Work task — Bring back every record exactly, except for the pictures, which stay out.

Data for this task: Begin

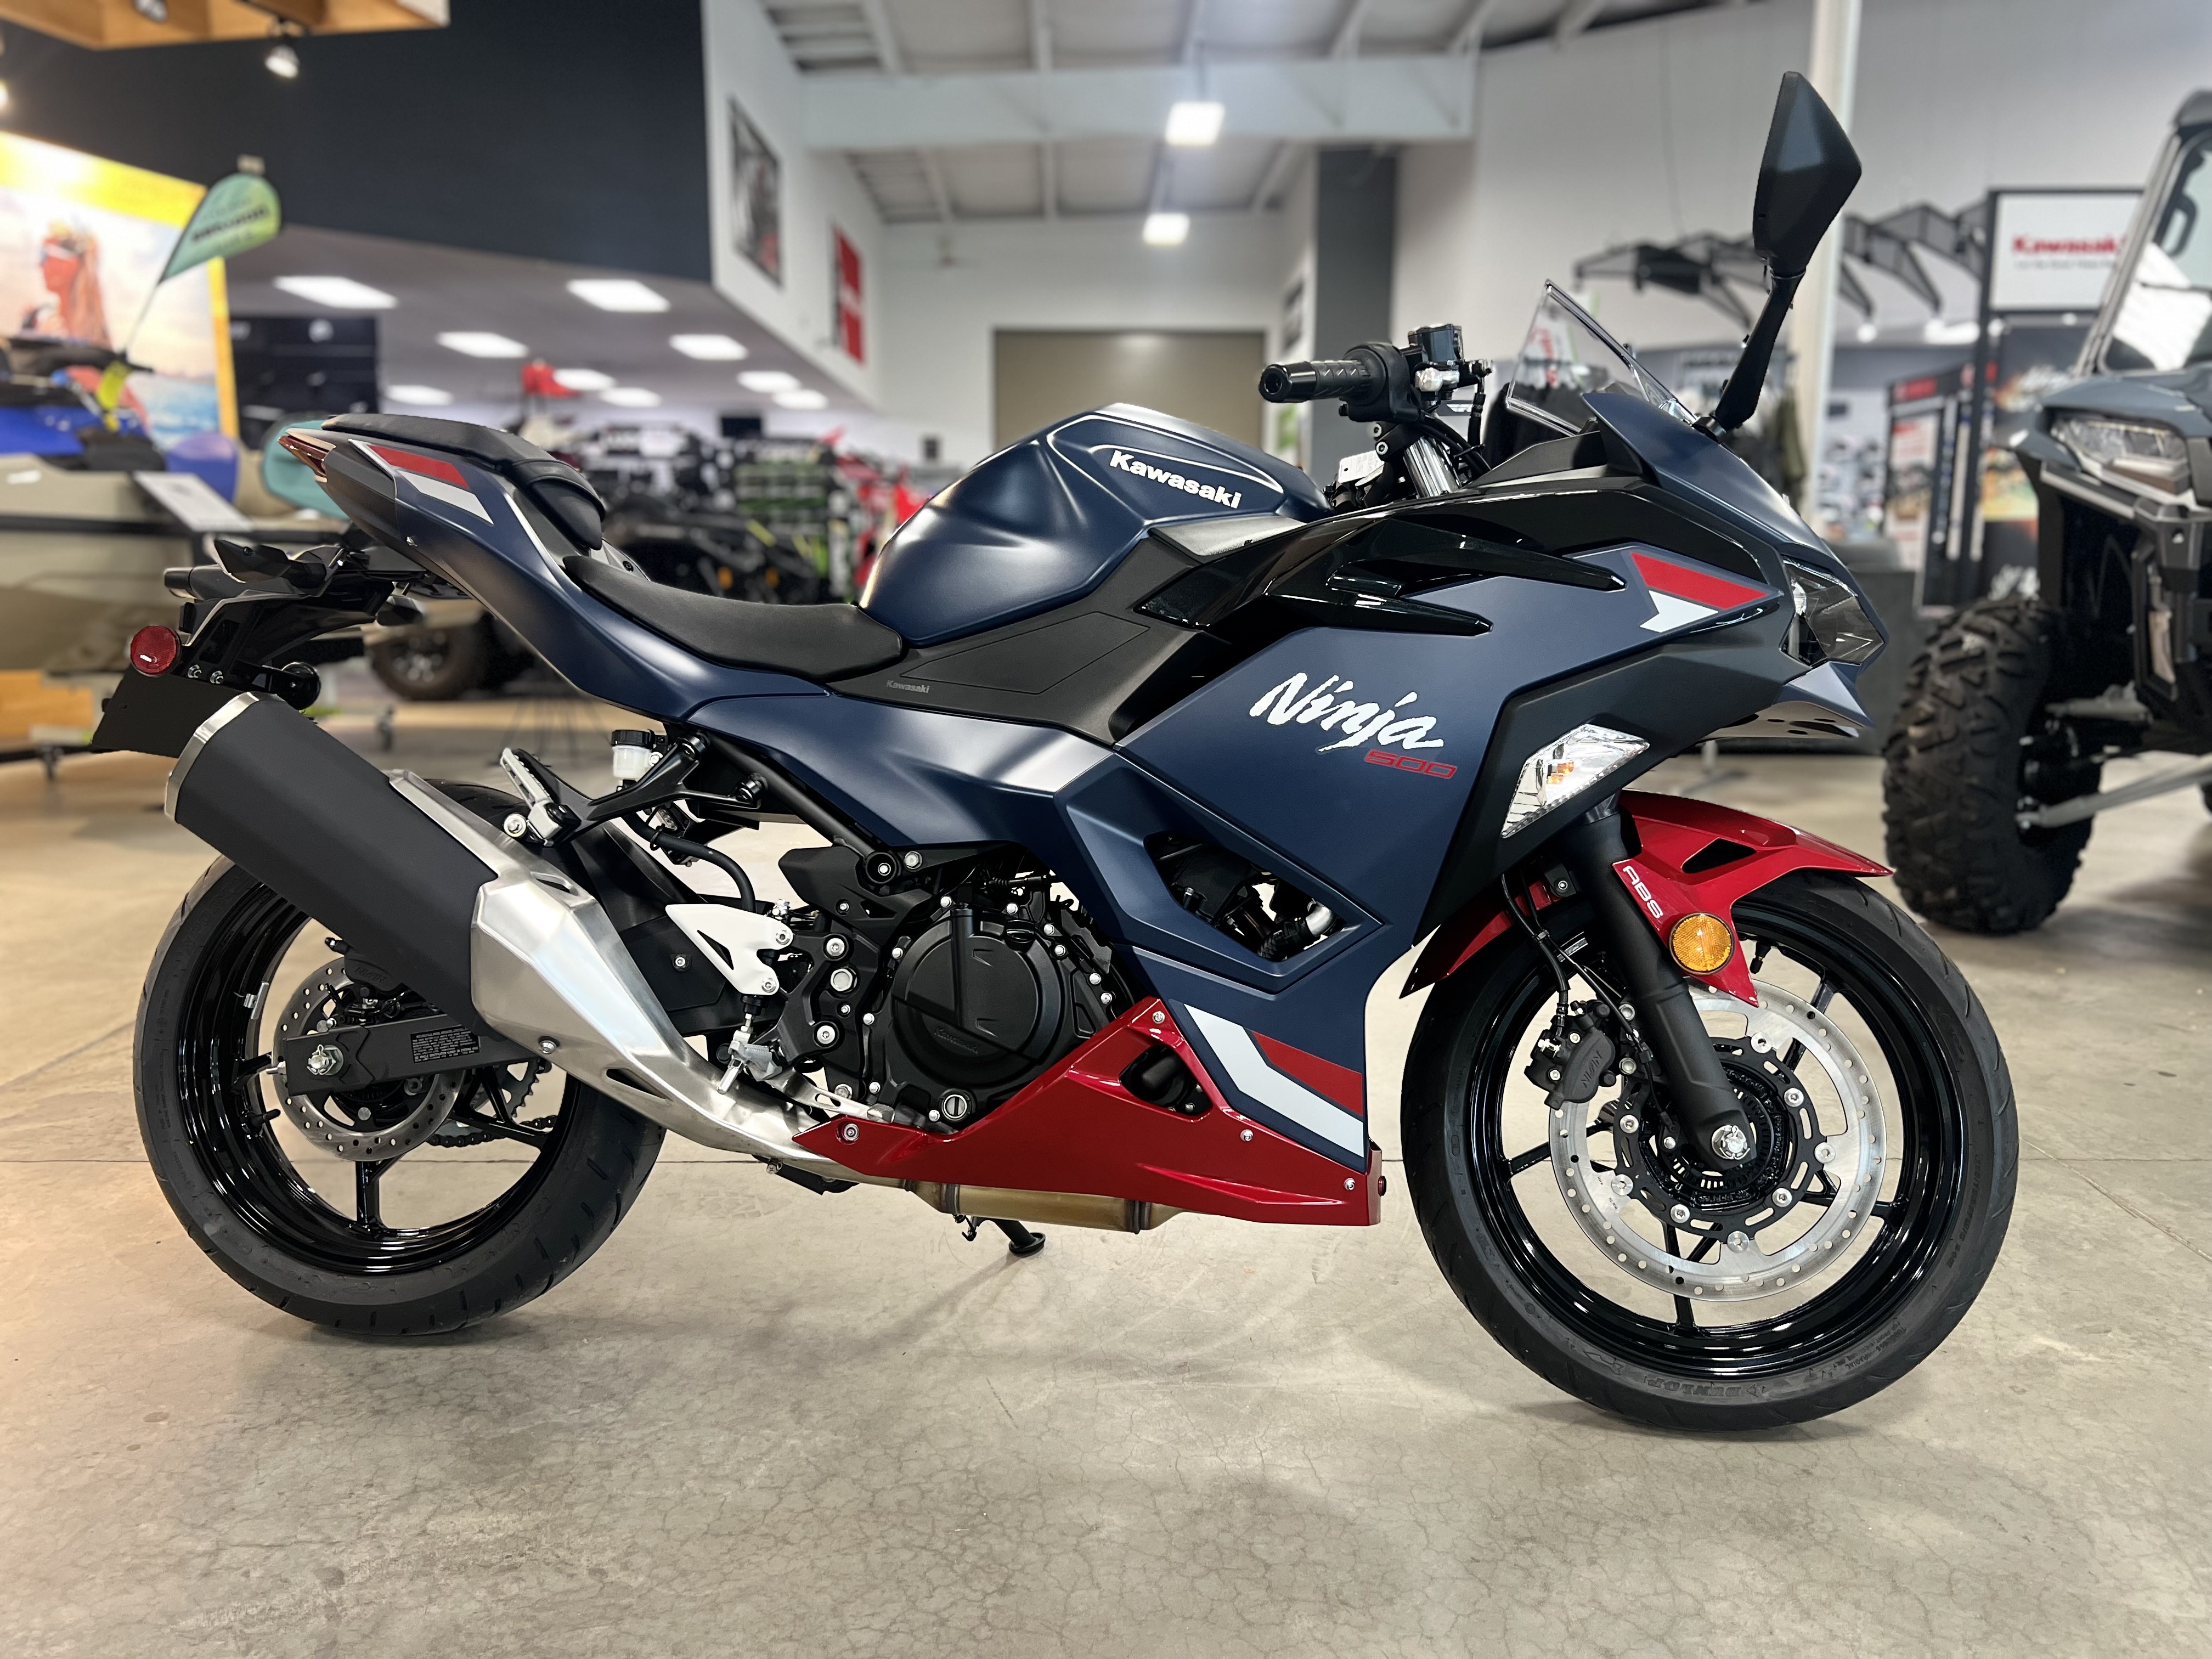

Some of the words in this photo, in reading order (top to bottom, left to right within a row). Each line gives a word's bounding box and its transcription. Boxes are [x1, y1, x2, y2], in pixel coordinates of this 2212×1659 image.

[1109, 450, 1242, 509] Kawasaki
[886, 680, 930, 693] Kawasaki
[1249, 672, 1444, 752] Ninja
[1364, 749, 1458, 780] 500
[1622, 865, 1664, 919] ABS

Data for this task: End

Expected answer —
Some of the words in this photo, in reading order (top to bottom, left to right within a row). Each line gives a word's bounding box and its transcription. Boxes are [x1, y1, x2, y2], in pixel coordinates of this 2212×1659 image.

[1109, 450, 1242, 509] Kawasaki
[886, 680, 930, 693] Kawasaki
[1249, 672, 1444, 752] Ninja
[1364, 749, 1458, 780] 500
[1622, 865, 1664, 919] ABS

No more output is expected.